Now the delinquencies are piling up.

The percentage of option ARMs with payments behind by at least 60 days in California is in double digits in the Inland Empire, San Diego County, Santa Barbara County, Sacramento, Salinas and Modesto, according to data provided to The Times by mortgage researcher First American Loan Performance.

The more recent loans appear to be faring the worst, reaffirming the conclusion that lending standards had become overly lax throughout the mortgage industry in the middle of this decade, as competition for fewer good loans intensified amid skyrocketing home prices.

In Yuba City, north of Sacramento, 15% of option ARMs made in 2005 were delinquent at the end of October, the Loan Performance tally showed, and in Stockton-Lodi the delinquency rate on option ARMs from both 2005 and 2006 was over 13%.

“It is astonishing how fast the credit deterioration has occurred,” said Paul Miller, an analyst with Friedman, Billings, Ramsey & Co. who follows the savings and loans that specialize in these mortgages. “It took me and everybody else by surprise.”
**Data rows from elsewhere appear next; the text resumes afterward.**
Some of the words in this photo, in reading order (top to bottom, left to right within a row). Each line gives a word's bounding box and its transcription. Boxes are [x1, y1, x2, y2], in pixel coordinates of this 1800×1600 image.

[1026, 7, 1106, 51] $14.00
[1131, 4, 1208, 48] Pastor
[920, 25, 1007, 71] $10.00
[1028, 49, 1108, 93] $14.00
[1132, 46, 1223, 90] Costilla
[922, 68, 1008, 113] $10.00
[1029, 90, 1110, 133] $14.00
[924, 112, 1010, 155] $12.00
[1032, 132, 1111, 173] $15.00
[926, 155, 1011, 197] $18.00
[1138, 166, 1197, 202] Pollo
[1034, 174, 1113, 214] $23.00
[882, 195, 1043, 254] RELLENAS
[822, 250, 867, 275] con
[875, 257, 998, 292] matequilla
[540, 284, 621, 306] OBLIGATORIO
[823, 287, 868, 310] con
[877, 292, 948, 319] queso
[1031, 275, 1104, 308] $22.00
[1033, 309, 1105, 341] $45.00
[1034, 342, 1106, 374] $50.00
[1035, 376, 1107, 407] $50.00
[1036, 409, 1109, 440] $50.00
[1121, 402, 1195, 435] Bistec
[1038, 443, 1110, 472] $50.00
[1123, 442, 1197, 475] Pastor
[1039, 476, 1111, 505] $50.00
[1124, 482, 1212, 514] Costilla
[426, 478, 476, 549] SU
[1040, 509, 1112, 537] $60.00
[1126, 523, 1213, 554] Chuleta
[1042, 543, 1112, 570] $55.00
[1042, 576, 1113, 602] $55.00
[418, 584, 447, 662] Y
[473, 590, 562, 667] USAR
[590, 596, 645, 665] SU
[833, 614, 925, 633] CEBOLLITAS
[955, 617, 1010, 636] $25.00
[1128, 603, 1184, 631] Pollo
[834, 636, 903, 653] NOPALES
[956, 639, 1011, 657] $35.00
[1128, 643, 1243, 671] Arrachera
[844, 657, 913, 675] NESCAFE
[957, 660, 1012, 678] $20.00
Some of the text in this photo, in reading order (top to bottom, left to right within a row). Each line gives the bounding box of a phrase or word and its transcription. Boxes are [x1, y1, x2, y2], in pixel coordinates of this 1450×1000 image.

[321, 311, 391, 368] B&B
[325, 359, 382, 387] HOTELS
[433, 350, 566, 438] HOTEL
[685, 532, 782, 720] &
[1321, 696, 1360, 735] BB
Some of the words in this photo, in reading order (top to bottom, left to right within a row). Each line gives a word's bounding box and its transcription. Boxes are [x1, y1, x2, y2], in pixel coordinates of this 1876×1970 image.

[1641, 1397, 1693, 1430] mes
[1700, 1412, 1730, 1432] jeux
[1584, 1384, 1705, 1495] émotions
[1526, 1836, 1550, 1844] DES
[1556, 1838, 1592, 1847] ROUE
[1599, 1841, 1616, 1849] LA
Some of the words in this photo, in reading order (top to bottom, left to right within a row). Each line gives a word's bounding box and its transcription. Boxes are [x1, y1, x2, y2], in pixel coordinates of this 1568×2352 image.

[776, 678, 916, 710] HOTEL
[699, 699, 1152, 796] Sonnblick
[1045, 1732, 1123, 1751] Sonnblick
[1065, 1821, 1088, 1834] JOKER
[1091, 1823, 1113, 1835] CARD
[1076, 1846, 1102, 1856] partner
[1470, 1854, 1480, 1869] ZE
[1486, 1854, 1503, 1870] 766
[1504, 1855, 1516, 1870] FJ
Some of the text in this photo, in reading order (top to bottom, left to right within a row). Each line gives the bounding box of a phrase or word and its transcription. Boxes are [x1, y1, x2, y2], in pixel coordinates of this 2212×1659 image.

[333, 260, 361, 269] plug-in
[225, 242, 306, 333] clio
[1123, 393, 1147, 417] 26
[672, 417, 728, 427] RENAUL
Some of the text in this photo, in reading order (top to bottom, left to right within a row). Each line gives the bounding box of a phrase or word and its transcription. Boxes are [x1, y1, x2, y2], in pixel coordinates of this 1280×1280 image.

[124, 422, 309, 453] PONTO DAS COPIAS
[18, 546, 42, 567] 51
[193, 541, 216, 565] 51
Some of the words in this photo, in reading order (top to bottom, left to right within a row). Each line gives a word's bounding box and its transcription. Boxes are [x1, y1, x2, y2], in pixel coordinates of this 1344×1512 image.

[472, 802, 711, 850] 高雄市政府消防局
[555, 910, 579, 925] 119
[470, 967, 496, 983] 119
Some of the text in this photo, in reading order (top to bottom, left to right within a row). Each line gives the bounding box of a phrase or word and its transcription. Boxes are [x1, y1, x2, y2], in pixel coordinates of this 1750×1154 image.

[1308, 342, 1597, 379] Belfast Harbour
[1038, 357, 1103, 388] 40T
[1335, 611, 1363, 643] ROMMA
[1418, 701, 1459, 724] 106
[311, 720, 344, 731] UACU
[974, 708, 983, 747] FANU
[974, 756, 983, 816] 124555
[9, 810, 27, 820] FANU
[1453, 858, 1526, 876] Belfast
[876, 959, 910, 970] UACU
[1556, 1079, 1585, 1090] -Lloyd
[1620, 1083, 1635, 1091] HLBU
Miller said Downey Financial Corp. was “the canary in the coal mine.” The Newport Beach S&L has specialized in making option ARMs since the 1980s and keeps them as investments. Option ARMs make up about three-quarters of Downey’s loan portfolio, with most of the rest being similar loans that allow interest-only payments during the first five years but don’t allow the loan balance to rise.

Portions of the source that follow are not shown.